*Exercise input:*

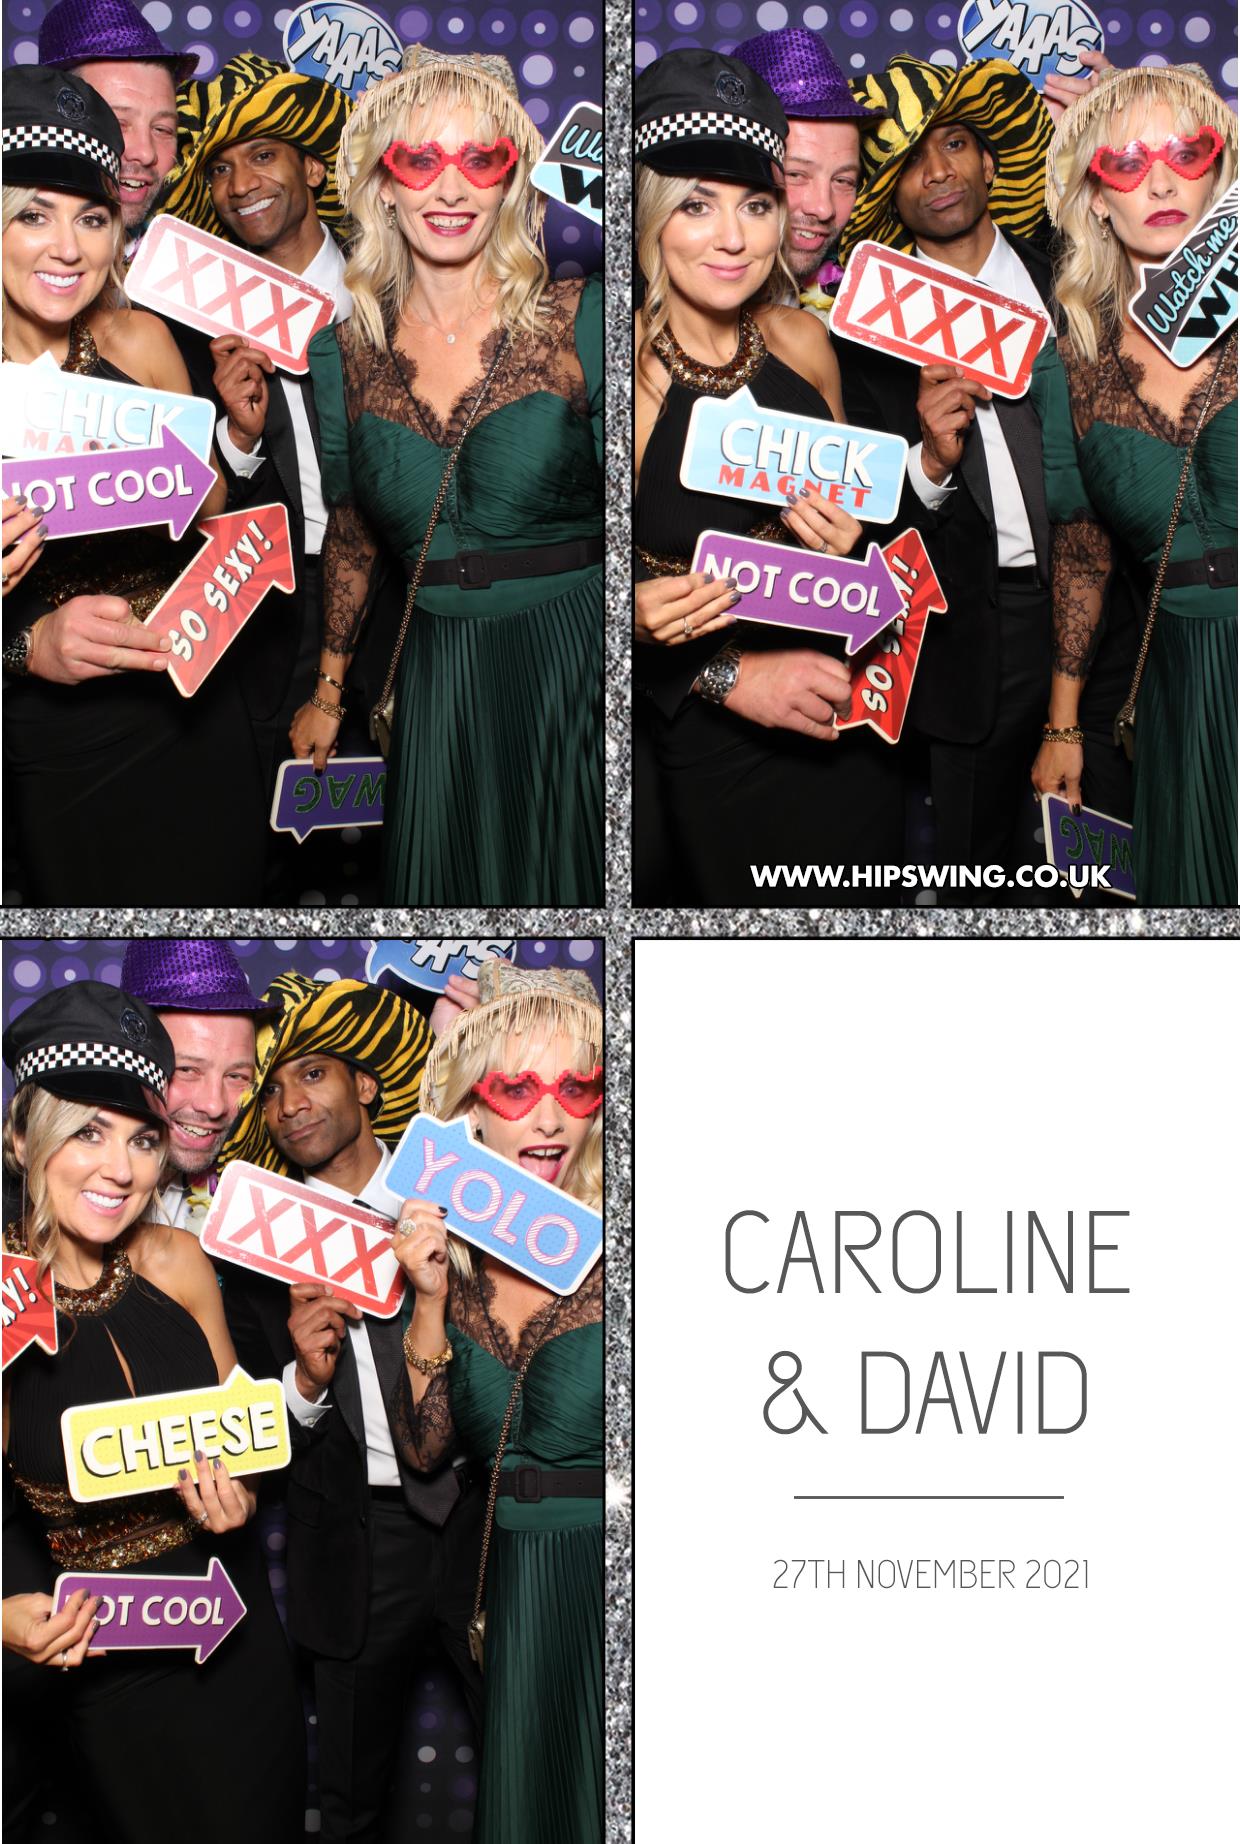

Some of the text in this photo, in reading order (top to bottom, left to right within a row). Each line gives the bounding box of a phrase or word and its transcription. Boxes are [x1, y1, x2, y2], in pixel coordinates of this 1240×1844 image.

...

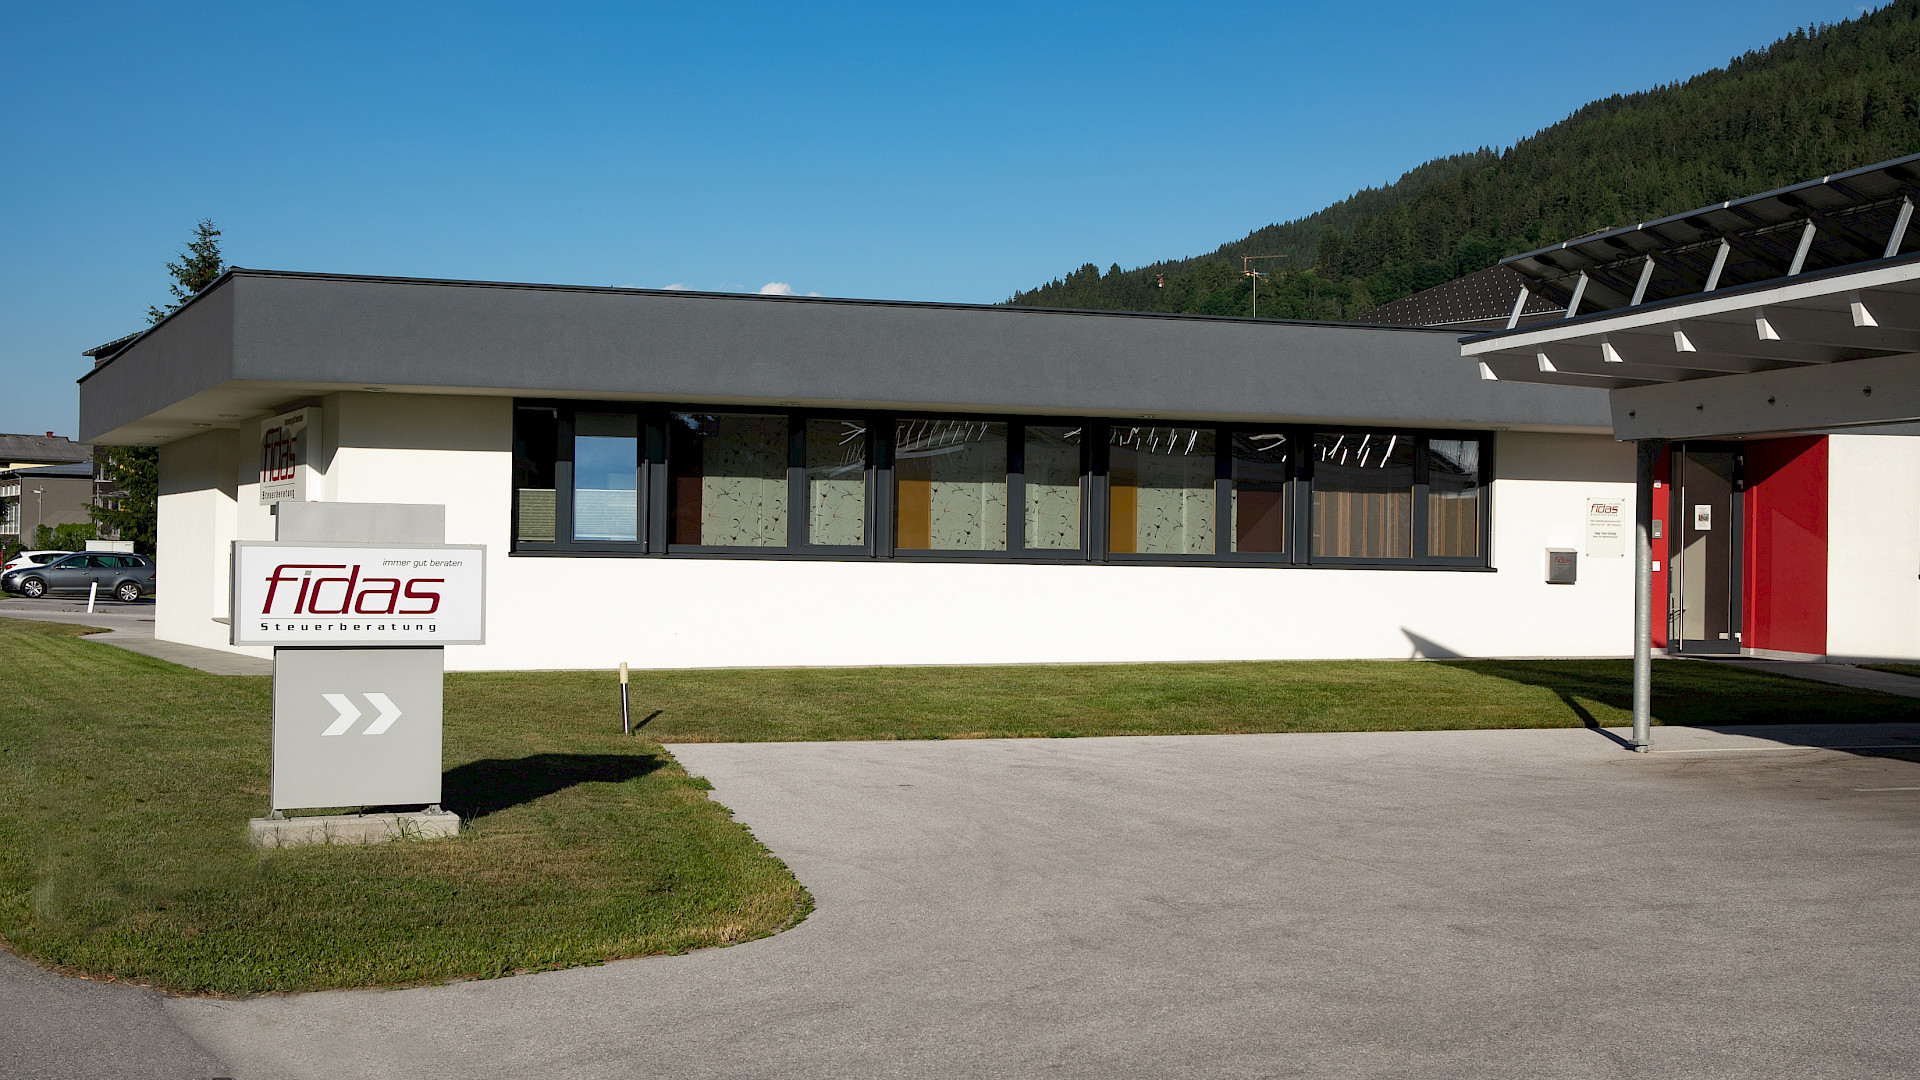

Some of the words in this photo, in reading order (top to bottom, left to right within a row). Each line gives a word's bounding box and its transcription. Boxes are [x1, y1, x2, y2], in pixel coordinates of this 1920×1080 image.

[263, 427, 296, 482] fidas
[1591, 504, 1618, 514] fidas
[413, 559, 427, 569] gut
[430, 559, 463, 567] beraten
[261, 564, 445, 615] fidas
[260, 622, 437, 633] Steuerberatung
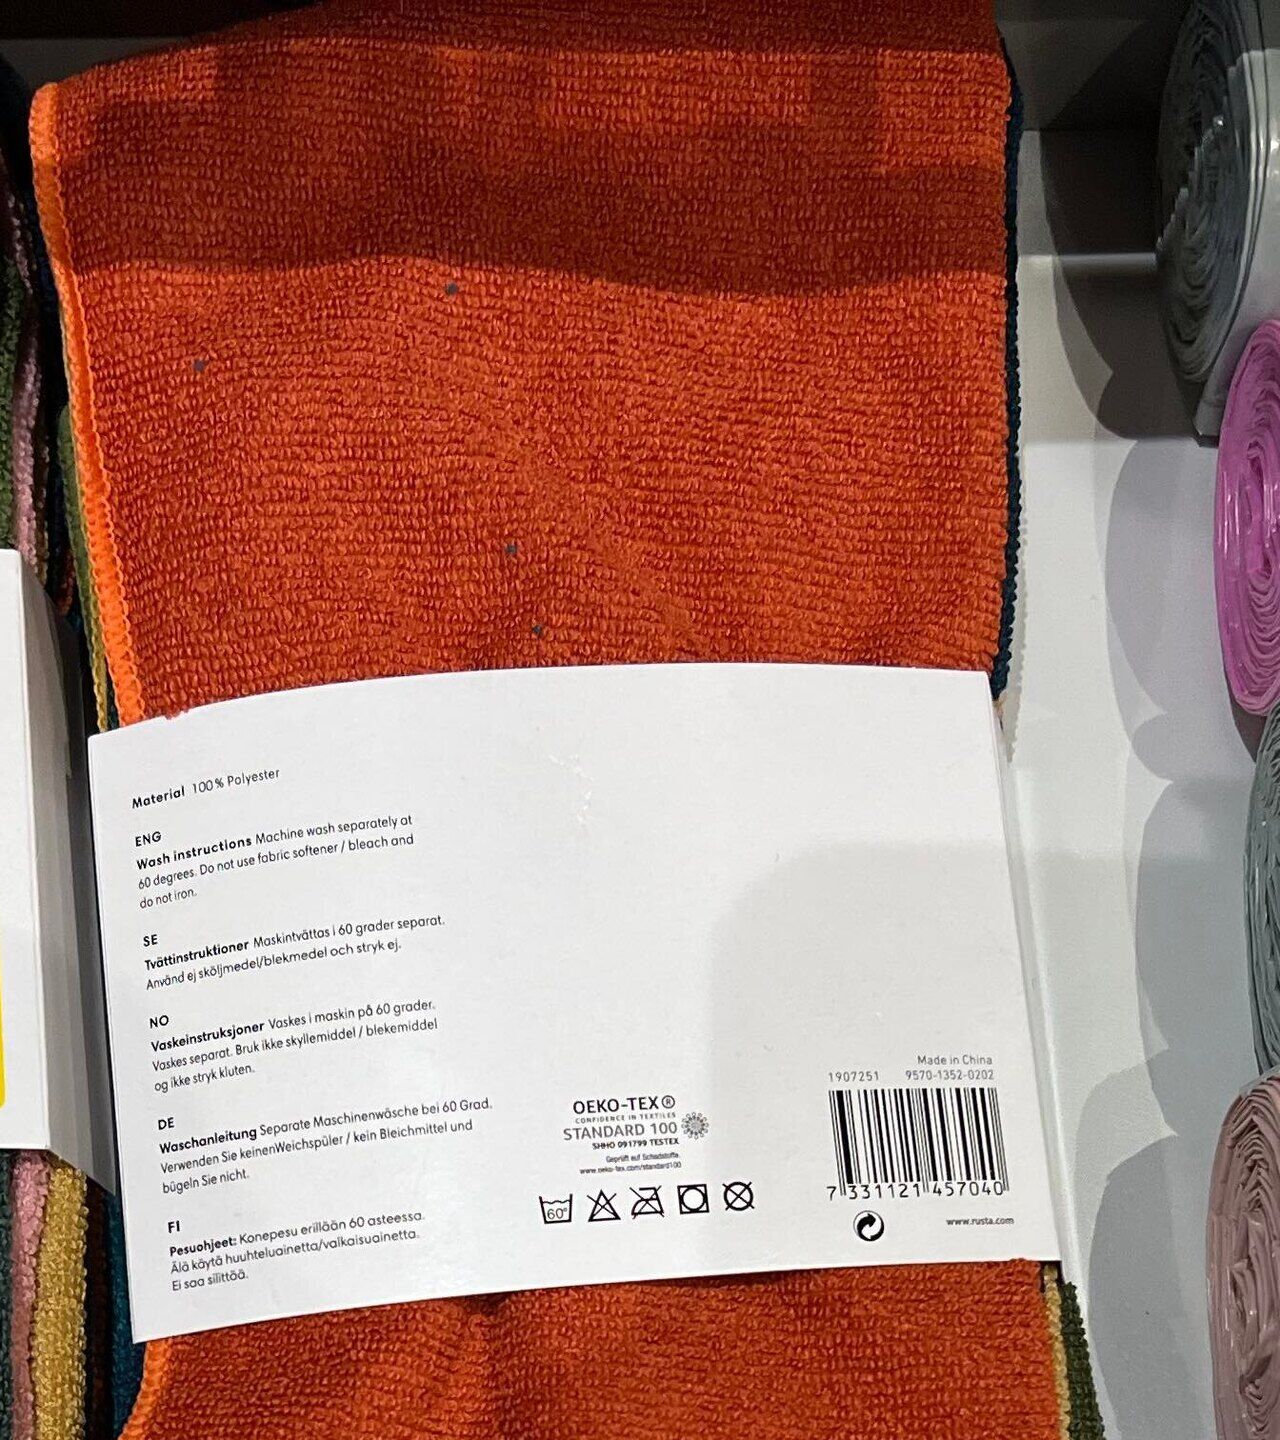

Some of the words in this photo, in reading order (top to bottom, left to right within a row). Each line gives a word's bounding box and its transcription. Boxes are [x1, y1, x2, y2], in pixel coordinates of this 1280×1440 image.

---

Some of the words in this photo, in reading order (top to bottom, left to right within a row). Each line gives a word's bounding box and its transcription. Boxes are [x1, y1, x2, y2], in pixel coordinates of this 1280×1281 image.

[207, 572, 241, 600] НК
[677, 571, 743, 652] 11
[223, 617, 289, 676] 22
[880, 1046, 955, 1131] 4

*Activity:* Could you output exactly the lines above, from the line with "this 1920×1080 image." up to and including the line with "this 1280×1440 image.", and nothing else, skipping the pictures?

*Output for this exercise:*
Some of the words in this photo, in reading order (top to bottom, left to right within a row). Each line gives a word's bounding box and its transcription. Boxes are [x1, y1, x2, y2], in pixel coordinates of this 1920×1080 image.

[263, 427, 296, 482] fidas
[1591, 504, 1618, 514] fidas
[413, 559, 427, 569] gut
[430, 559, 463, 567] beraten
[261, 564, 445, 615] fidas
[260, 622, 437, 633] Steuerberatung

Some of the words in this photo, in reading order (top to bottom, left to right within a row). Each line gives a word's bounding box and its transcription. Boxes are [x1, y1, x2, y2], in pixel coordinates of this 1280×1440 image.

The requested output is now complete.